TASK REQUIREMENTS: Retype all of the data that follows, line for line.

·····

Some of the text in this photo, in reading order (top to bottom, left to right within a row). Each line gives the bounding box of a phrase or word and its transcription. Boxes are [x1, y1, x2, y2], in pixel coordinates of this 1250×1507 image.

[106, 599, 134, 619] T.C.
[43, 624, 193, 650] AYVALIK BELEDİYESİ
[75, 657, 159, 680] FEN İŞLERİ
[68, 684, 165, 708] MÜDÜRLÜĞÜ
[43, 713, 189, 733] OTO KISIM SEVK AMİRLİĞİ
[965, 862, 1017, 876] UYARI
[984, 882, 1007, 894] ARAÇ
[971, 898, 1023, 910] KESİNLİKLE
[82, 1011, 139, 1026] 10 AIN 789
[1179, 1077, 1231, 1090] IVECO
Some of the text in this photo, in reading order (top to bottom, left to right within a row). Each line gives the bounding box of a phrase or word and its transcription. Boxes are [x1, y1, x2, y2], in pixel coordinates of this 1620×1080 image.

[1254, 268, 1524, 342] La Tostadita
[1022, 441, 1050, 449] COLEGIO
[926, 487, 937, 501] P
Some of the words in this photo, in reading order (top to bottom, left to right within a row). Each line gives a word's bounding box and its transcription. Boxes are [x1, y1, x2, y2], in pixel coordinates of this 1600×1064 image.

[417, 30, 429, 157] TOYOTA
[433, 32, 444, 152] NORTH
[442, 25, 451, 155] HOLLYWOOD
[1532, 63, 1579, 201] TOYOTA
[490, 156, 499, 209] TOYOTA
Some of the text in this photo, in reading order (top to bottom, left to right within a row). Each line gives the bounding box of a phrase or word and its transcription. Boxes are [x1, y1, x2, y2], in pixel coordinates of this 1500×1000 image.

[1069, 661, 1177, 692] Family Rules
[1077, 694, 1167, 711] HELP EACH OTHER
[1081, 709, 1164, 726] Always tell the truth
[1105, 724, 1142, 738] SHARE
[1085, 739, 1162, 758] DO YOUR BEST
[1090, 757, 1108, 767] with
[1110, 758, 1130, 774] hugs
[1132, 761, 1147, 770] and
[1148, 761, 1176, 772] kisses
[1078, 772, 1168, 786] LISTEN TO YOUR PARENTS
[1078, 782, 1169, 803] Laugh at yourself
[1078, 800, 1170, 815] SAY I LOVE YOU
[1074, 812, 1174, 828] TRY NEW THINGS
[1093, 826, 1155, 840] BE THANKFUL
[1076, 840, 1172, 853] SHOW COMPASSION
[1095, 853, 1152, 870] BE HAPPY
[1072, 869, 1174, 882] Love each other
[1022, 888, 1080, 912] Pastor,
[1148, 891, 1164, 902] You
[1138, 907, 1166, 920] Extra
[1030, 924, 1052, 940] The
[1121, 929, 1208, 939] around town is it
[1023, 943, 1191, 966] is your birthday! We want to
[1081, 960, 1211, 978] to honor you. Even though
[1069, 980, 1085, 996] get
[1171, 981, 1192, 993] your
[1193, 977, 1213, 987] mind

·····

RESULT OF THE TASK:
Some of the text in this photo, in reading order (top to bottom, left to right within a row). Each line gives the bounding box of a phrase or word and its transcription. Boxes are [x1, y1, x2, y2], in pixel coordinates of this 1250×1507 image.

[106, 599, 134, 619] T.C.
[43, 624, 193, 650] AYVALIK BELEDİYESİ
[75, 657, 159, 680] FEN İŞLERİ
[68, 684, 165, 708] MÜDÜRLÜĞÜ
[43, 713, 189, 733] OTO KISIM SEVK AMİRLİĞİ
[965, 862, 1017, 876] UYARI
[984, 882, 1007, 894] ARAÇ
[971, 898, 1023, 910] KESİNLİKLE
[82, 1011, 139, 1026] 10 AIN 789
[1179, 1077, 1231, 1090] IVECO
Some of the text in this photo, in reading order (top to bottom, left to right within a row). Each line gives the bounding box of a phrase or word and its transcription. Boxes are [x1, y1, x2, y2], in pixel coordinates of this 1620×1080 image.

[1254, 268, 1524, 342] La Tostadita
[1022, 441, 1050, 449] COLEGIO
[926, 487, 937, 501] P
Some of the words in this photo, in reading order (top to bottom, left to right within a row). Each line gives a word's bounding box and its transcription. Boxes are [x1, y1, x2, y2], in pixel coordinates of this 1600×1064 image.

[417, 30, 429, 157] TOYOTA
[433, 32, 444, 152] NORTH
[442, 25, 451, 155] HOLLYWOOD
[1532, 63, 1579, 201] TOYOTA
[490, 156, 499, 209] TOYOTA
Some of the text in this photo, in reading order (top to bottom, left to right within a row). Each line gives the bounding box of a phrase or word and its transcription. Boxes are [x1, y1, x2, y2], in pixel coordinates of this 1500×1000 image.

[1069, 661, 1177, 692] Family Rules
[1077, 694, 1167, 711] HELP EACH OTHER
[1081, 709, 1164, 726] Always tell the truth
[1105, 724, 1142, 738] SHARE
[1085, 739, 1162, 758] DO YOUR BEST
[1090, 757, 1108, 767] with
[1110, 758, 1130, 774] hugs
[1132, 761, 1147, 770] and
[1148, 761, 1176, 772] kisses
[1078, 772, 1168, 786] LISTEN TO YOUR PARENTS
[1078, 782, 1169, 803] Laugh at yourself
[1078, 800, 1170, 815] SAY I LOVE YOU
[1074, 812, 1174, 828] TRY NEW THINGS
[1093, 826, 1155, 840] BE THANKFUL
[1076, 840, 1172, 853] SHOW COMPASSION
[1095, 853, 1152, 870] BE HAPPY
[1072, 869, 1174, 882] Love each other
[1022, 888, 1080, 912] Pastor,
[1148, 891, 1164, 902] You
[1138, 907, 1166, 920] Extra
[1030, 924, 1052, 940] The
[1121, 929, 1208, 939] around town is it
[1023, 943, 1191, 966] is your birthday! We want to
[1081, 960, 1211, 978] to honor you. Even though
[1069, 980, 1085, 996] get
[1171, 981, 1192, 993] your
[1193, 977, 1213, 987] mind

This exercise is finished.